Insulator plates 120 are also positioned to separate, both physically and electrically, conductive plates 122 from first and second cover plates 126 and 128. More specifically, a top insulator plate 156 separates a top conductor plate 158 from first cover plate 126. A bottom insulator plate 160 separates a bottom conductor plate 162 from second cover plate 128. Thus, insulator plates 156 and 160 facilitate preventing electrical connection or physical contact between first and second cover plate 126 and 128 and conductive plates 122 (and more specifically top and bottom conductive plates 158 and 162).

First cover plate 124 and second cover plate 128 cover the top and bottom of stack 118 and function as ground planes between first, second and third busway sections 102, 104, and 106. As seen in FIG. 1, cover plates 124 and 128 are coupled to busway section 102, 104, and 106 by ground connectors 163. Ground connectors 163 are fastened to busway sections 102, 104, and 106, such as with screws, bolts, etc., and extend over and contact cover plates 124 and 128 when busway sections 102, 104, and 106 are plugged into connector 108. In the exemplary embodiment, first and second cover plates 124 and 128 are shaped substantially the same as conductive plates 122 and are fabricated from sheet steel. In other embodiments, first and second cover plates 124 and 128 may have any other suitable shape and/or may be fabricated from any other suitable electrically conductive material. In embodiments in which first and second cover plates 124 and 128 are not utilized as a ground path, first and second cover plates 124 and 128 may be fabricated from any nonconductive material suitable for covering the top and bottom of stack 118.

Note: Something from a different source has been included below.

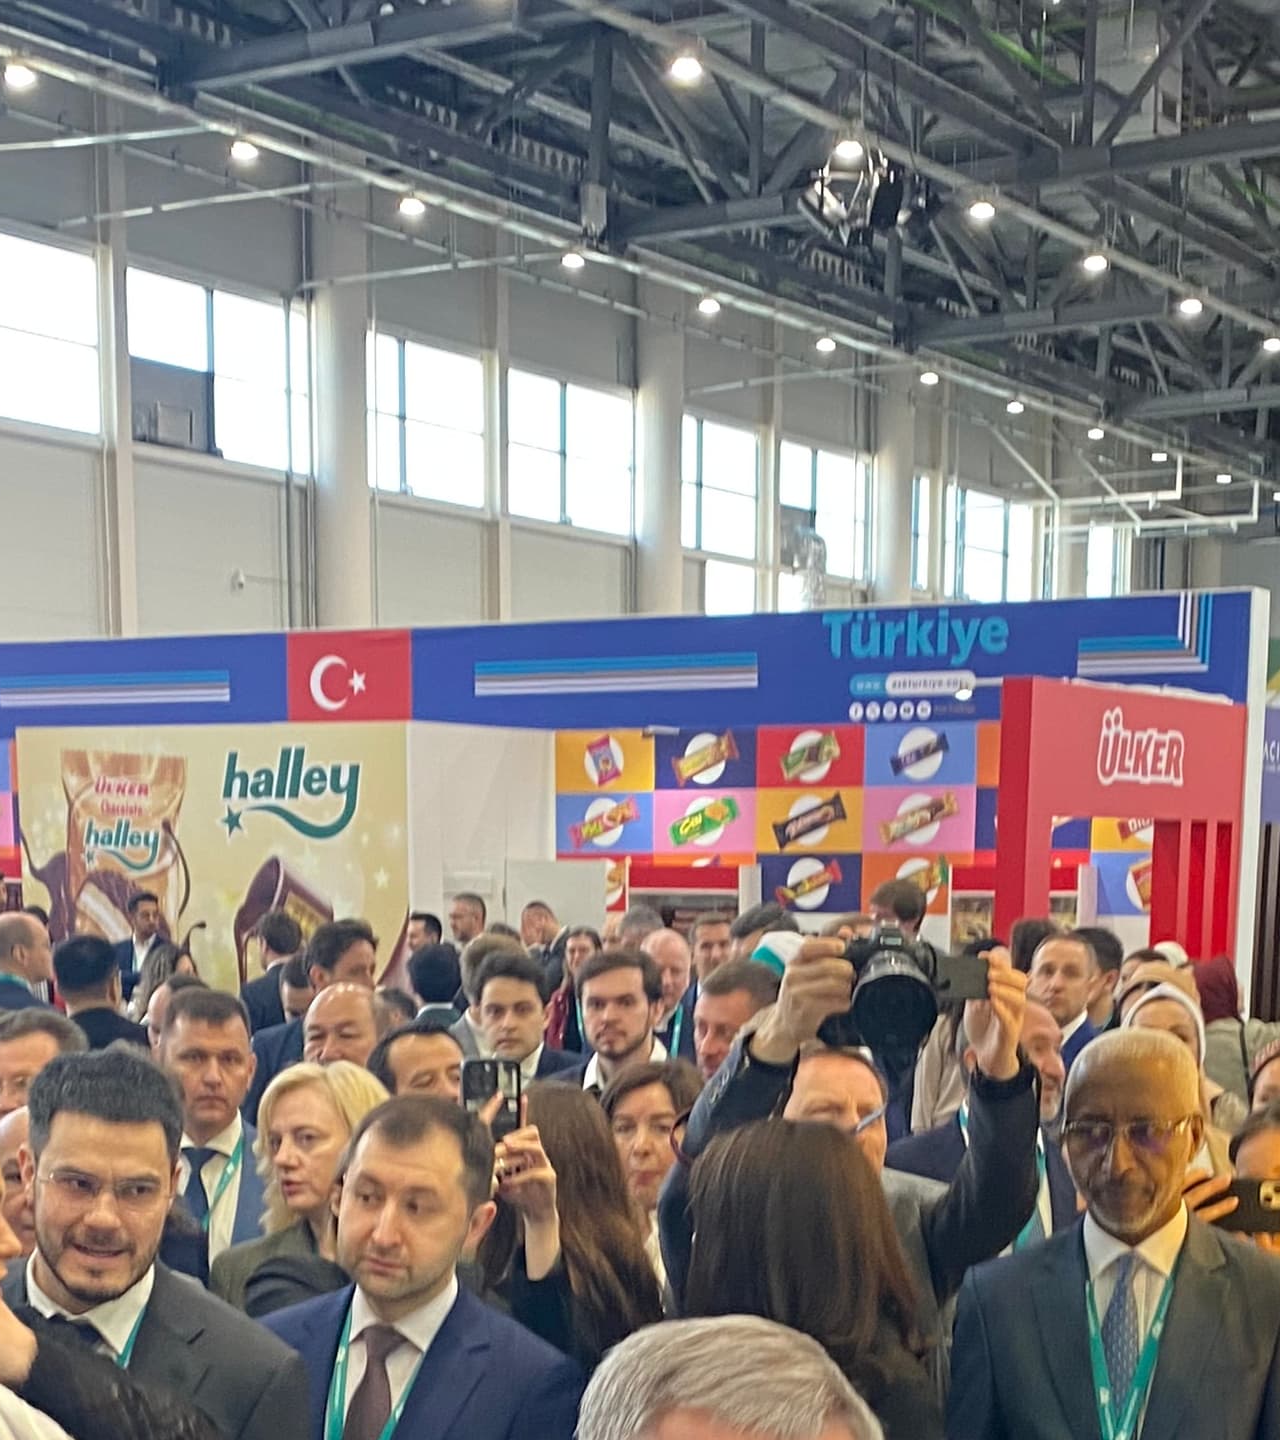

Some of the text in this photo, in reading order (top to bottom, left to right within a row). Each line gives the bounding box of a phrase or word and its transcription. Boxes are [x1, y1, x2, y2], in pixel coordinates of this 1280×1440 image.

[822, 607, 1009, 667] Türkiye
[1097, 706, 1185, 787] ÜLKER
[220, 745, 361, 840] halley
[82, 816, 161, 871] halley

Connector 108 includes a first cover 164, a second cover 166, and a third cover 168 to provide additional protection, e.g. prevention of ingress of material, dust, etc., to connector 108 and, more particularly, to stack 118. First, second, and third covers 166, 168, and 170 are removably coupled to stack 118 and may be fabricated from any suitable material including, for example, steel, aluminum, plastic, and/or fiberglass. With reference to FIG. 2, a first corner 170 extends between first end 134 and third end 138, and a second corner 172 extends between second and third ends 136 and 138. A longitudinal edge 174 extends between first end 134 and second end 136. First cover 164 is coupled to first corner 170 and second cover 164 is coupled to second corner 172. Third cover 166 is coupled to longitudinal edge 174.

First, second, and third covers 164, 166, and 168 are generally coupled to the remainder of connector 108 after connector 108 is coupled to two or more of the first, second, and third busway sections 102, 104, and 106. Covers 164, 166, and 168 each include flanges 176 that are configured, e.g., sized, shaped, etc., to at least partially overlie housing 112, and flanges 178 that are configured to at least partially underlie housing 112. Moreover, covers 164, 166, and 168 each include tabs 180 configured to be fit within a channel 182 within housing 112.

To perform an installation using connector 108, first busway section 102 is inserted into first end 134, second busway section 104 is inserted into second end 136, and third busway section 106 is inserted into third end 138. Fasteners 132 are tightened by the user to compress stack 118 to facilitate contact between conductors 110 and conductive plates 122 and to retain busway sections 102, 104, and 106 coupled to connector 108. Covers 164, 166, and 168 are then positioned in corners 170 and 172 and along longitudinal edge 174.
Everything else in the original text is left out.